Principles of Consolidation

The consolidated financial statements include the accounts of Investview, Inc., and our wholly owned subsidiaries, Kuvera, LLC, Investment Tools & Training, LLC, Apex Tek, LLC (formerly Razor Data, LLC), S.A.F.E. Management, LLC, SafeTek, LLC (formerly WealthGen Global, LLC), United Games, LLC, United League, LLC, and Kuvera France S.A.S. Through March 31, 2019 we had determined that one affiliated entity, Kuvera LATAM S.A.S., which we previously conducted business with, was a variable interest entity and we were the primary beneficiary of the entity’s activities, which are similar to those of Kuvera, LLC. As a result, through March 31, 2019 we had consolidated the accounts of this variable interest entity into the accompanying consolidated financial statements.
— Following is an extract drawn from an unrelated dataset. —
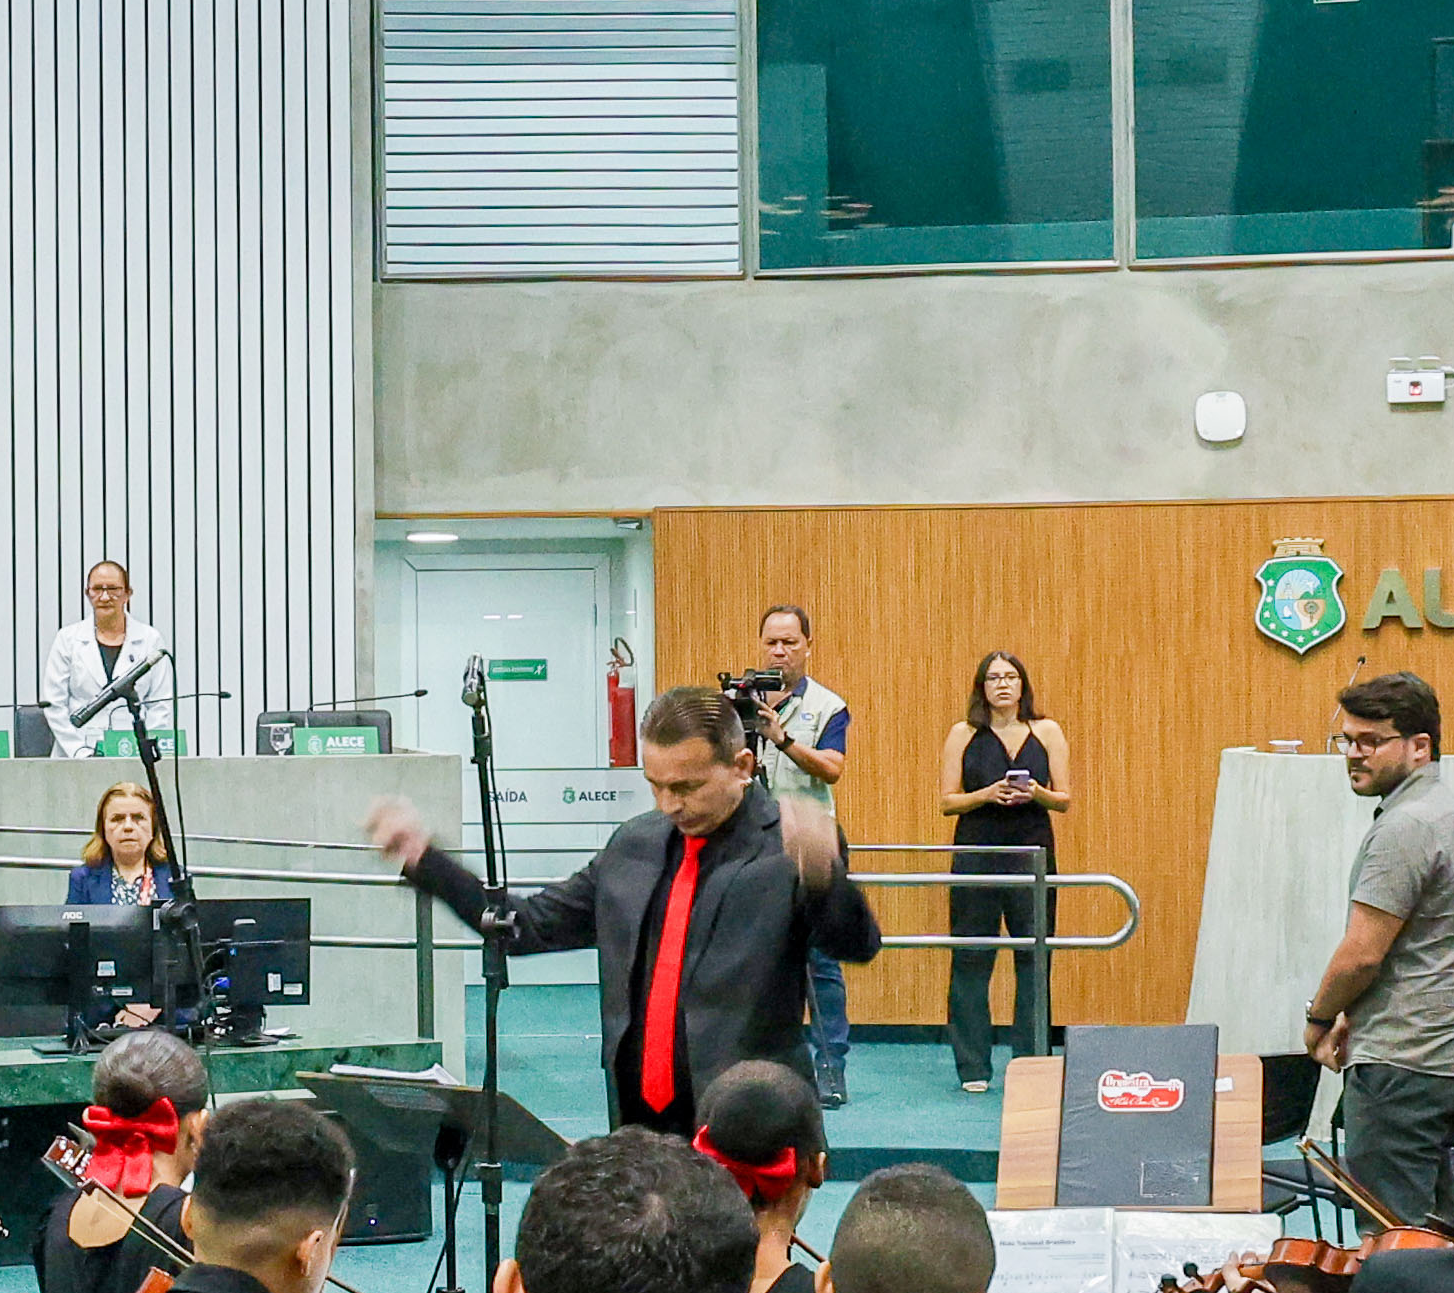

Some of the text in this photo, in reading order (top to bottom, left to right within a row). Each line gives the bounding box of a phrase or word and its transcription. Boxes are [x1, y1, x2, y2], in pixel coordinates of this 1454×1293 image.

Further, because the Company did not have any ownership interest in this variable interest entity, the Company had allocated the contributed capital in the variable interest entity as a component of noncontrolling interest. As of April 1, 2019 Kuvera LATAM S.A.S. had no operations and ceased to exist, therefore, as of that date, no consolidation of the entity is necessary and we recorded a gain on deconsolidation of $53,739 to eliminate the intercompany account with Kuvera LATAM S.A.S. All intercompany transactions and balances have been eliminated in consolidation.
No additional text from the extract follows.